Apesar da revelação documental da colaboração britânica e de a informação ter chegado ao Foreign Office, Martins Filho diz acreditar que o empréstimo de técnicas de tortura ocorreu sem o conhecimento dos primeiros-ministros da época.
Para o autor, o Reino Unido foi conivente porque viu a oportunidade de melhorar as relações comerciais com o Brasil –especialmente a venda de fragatas, helicópteros e mísseis ao país.

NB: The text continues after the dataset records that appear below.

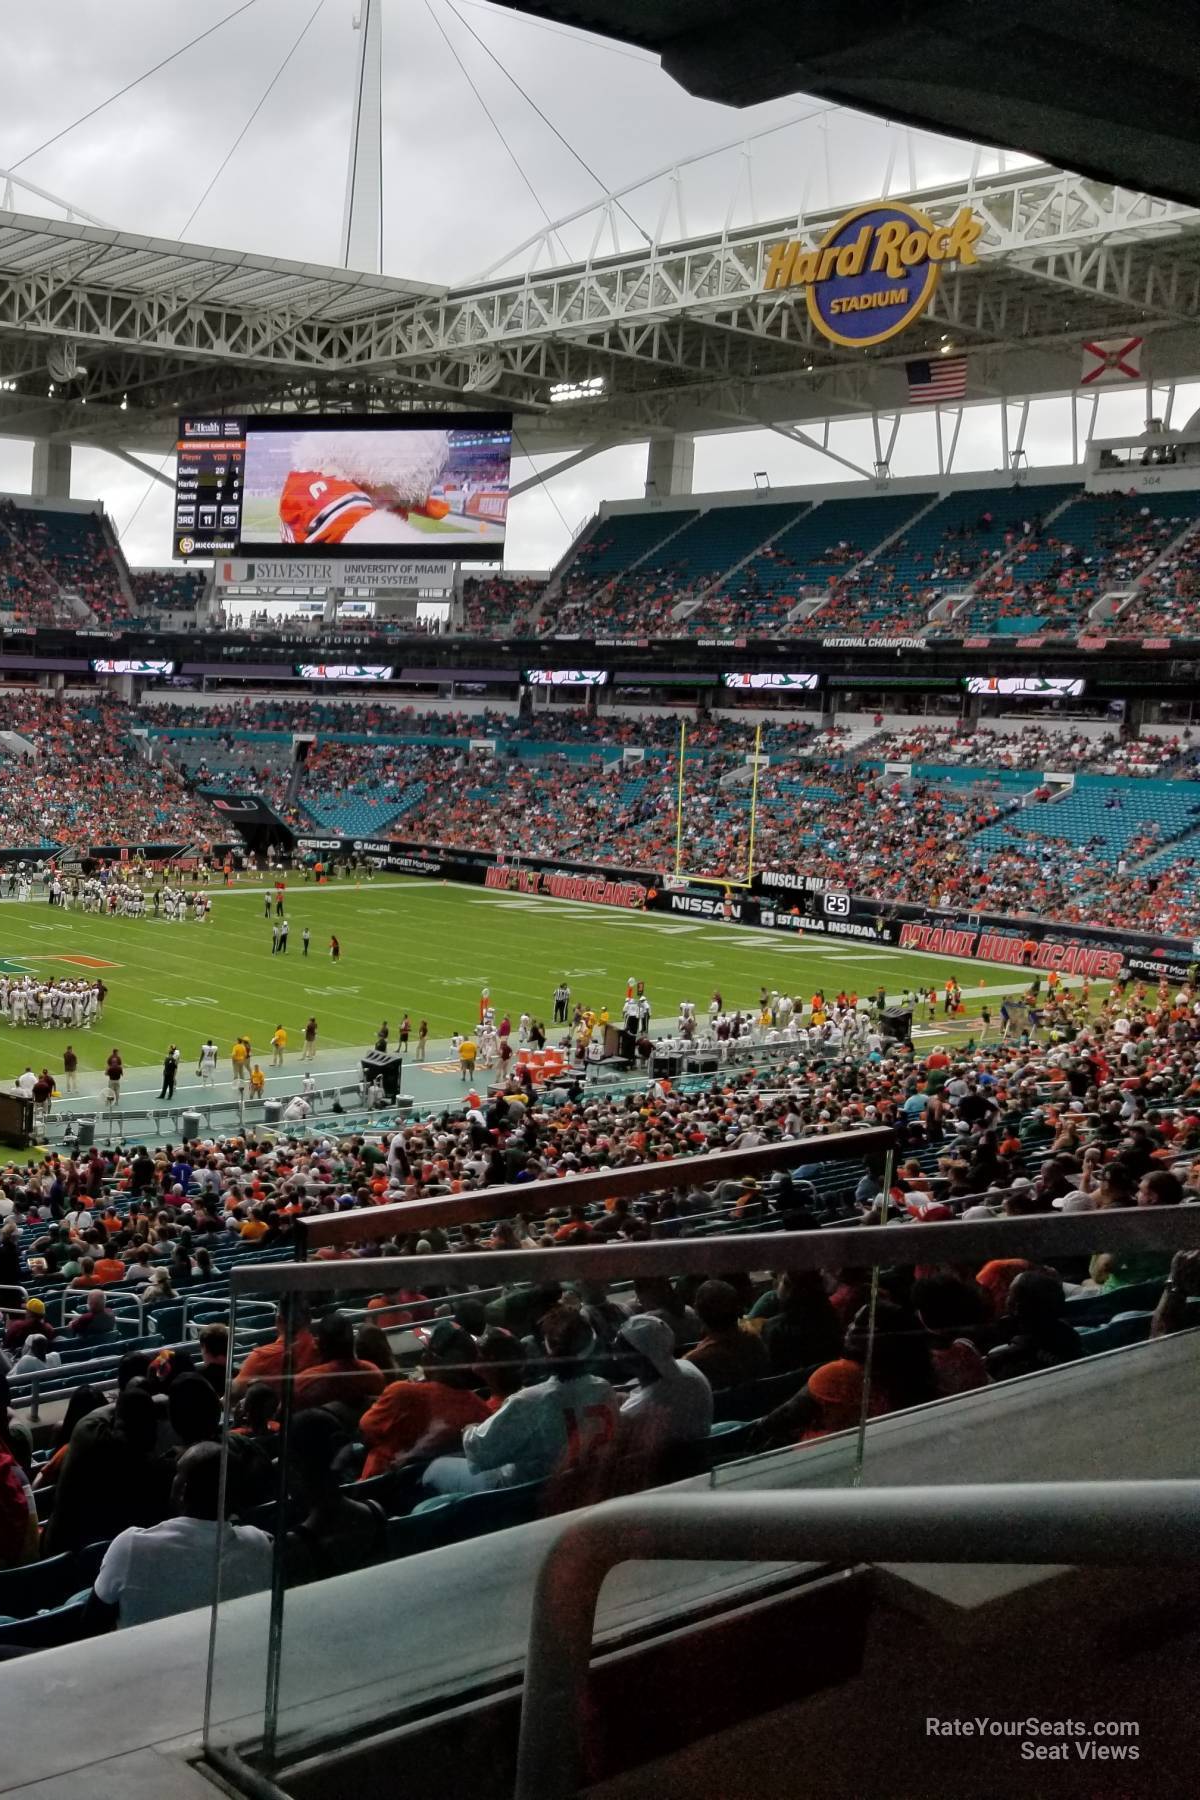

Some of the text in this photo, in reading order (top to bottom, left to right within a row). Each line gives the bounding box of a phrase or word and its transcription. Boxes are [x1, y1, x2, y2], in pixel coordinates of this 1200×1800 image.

[763, 206, 984, 290] Hard Rock
[829, 288, 908, 315] STADIUM
[215, 467, 225, 475] 20
[233, 480, 239, 488] 0
[1143, 477, 1161, 485] 304
[216, 492, 222, 500] 2
[232, 492, 238, 500] 0
[177, 516, 194, 524] 3RD
[203, 515, 212, 525] 11
[223, 515, 236, 525] 33
[256, 564, 332, 578] SYLVESTER
[344, 564, 447, 575] UNIVERSITY OF MIAMI
[344, 575, 418, 585] HEALTH SYSTEM
[324, 636, 370, 645] HONOR
[822, 637, 927, 649] NATIONAL CHAMPIONS
[297, 839, 341, 849] GEICO
[388, 856, 413, 866] ROCKET
[412, 860, 441, 872] Mortgage
[762, 871, 804, 889] MUSCLE
[828, 898, 846, 912] 25
[828, 921, 891, 940] INSURANE
[899, 924, 977, 957] MIAMI
[1129, 959, 1169, 973] ROCKET

"O governo inglês teria caído caso fosse revelada a colaboração com a tortura no Brasil", disse. Para ele, nenhum dos primeiros-ministros do período devia ter conhecimento sobre essa ajuda. "A diplomacia sabia, mas é provável que deixasse isso escondido. Os governantes também preferiam não perguntar, pois era mais fácil não ficar sabendo", disse.
Segundo o pesquisador, o que houve foi uma colaboração "subterrânea. Uma ação supersecreta de grupos militares que agem à revelia do governo até hoje, como se viu no Iraque. É um conhecimento de técnicas de tortura que não é documentado, mas passado por tradição oral", explicou o autor.